Top of Data for processing
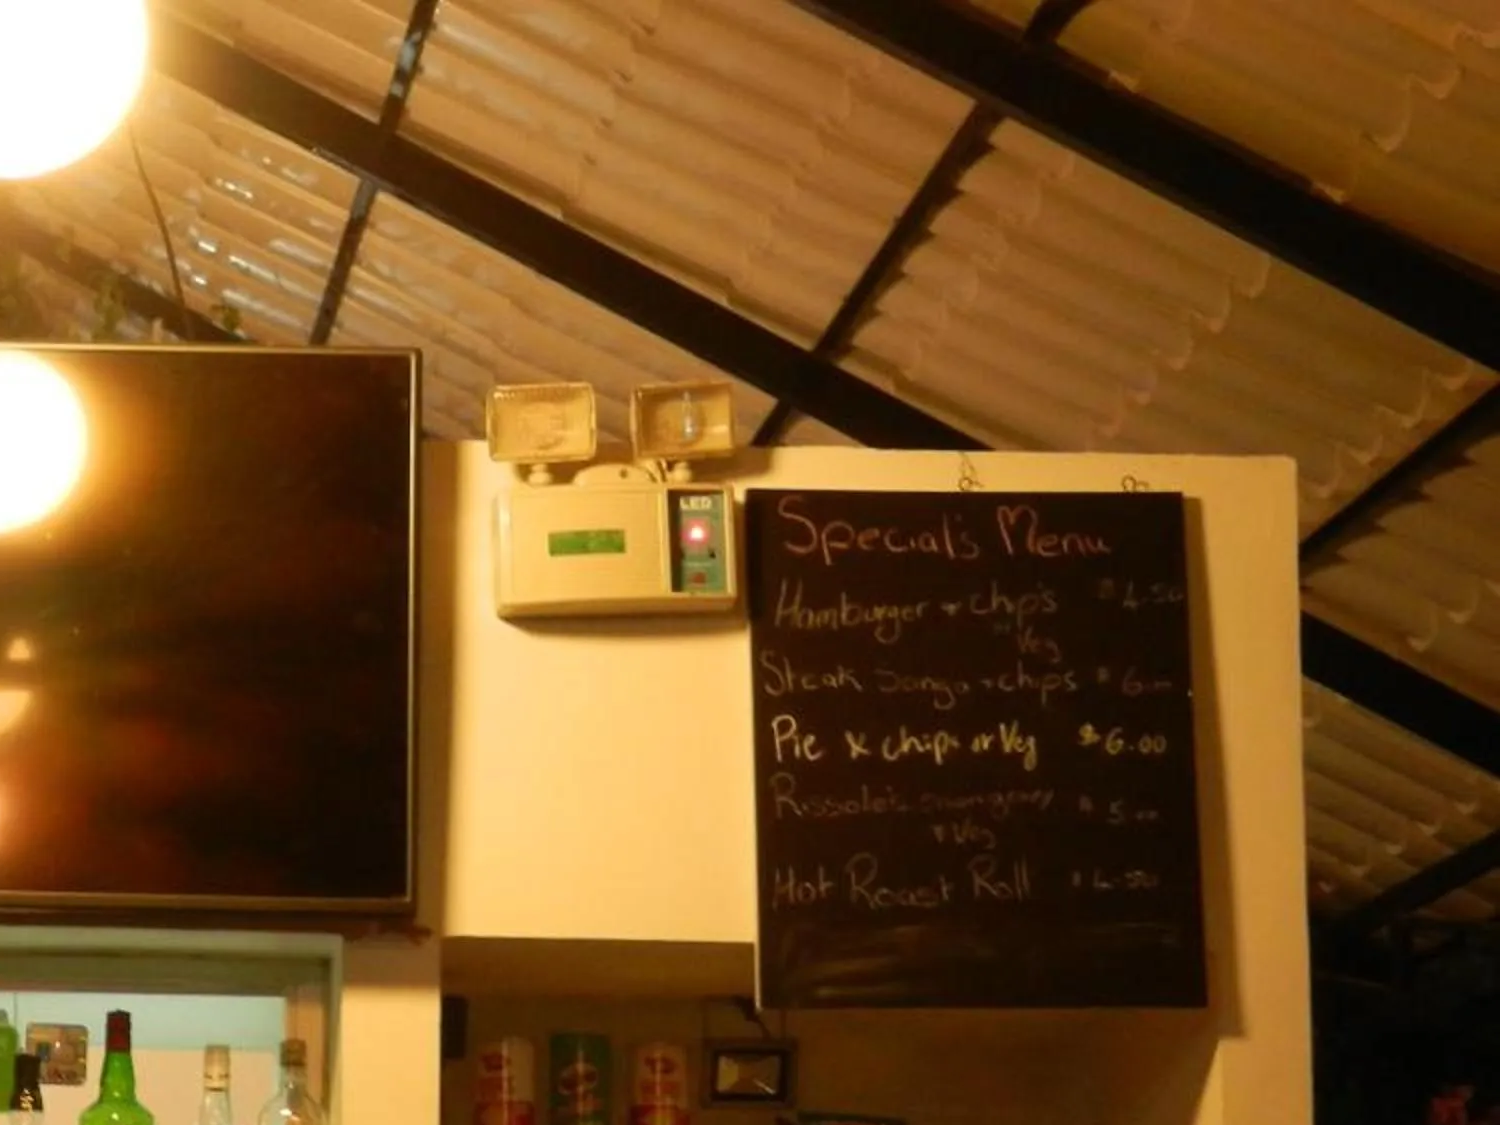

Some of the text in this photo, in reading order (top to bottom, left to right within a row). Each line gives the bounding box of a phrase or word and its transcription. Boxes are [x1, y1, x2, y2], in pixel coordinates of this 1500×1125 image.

[678, 495, 713, 511] LED
[995, 503, 1114, 559] Menu
[773, 576, 930, 645] Hamburger
[758, 648, 864, 699] Steak
[770, 713, 824, 763] Pie
[998, 718, 1039, 772] Veg
[1076, 721, 1169, 757] $6.00
[771, 864, 835, 911] Hot
[966, 852, 1032, 902] Roll
Bottom of Data for processing
Where an entry contains an image, skip the image and write out the rest exactly.

(Written solution)
Some of the text in this photo, in reading order (top to bottom, left to right within a row). Each line gives the bounding box of a phrase or word and its transcription. Boxes are [x1, y1, x2, y2], in pixel coordinates of this 1500×1125 image.

[678, 495, 713, 511] LED
[995, 503, 1114, 559] Menu
[773, 576, 930, 645] Hamburger
[758, 648, 864, 699] Steak
[770, 713, 824, 763] Pie
[998, 718, 1039, 772] Veg
[1076, 721, 1169, 757] $6.00
[771, 864, 835, 911] Hot
[966, 852, 1032, 902] Roll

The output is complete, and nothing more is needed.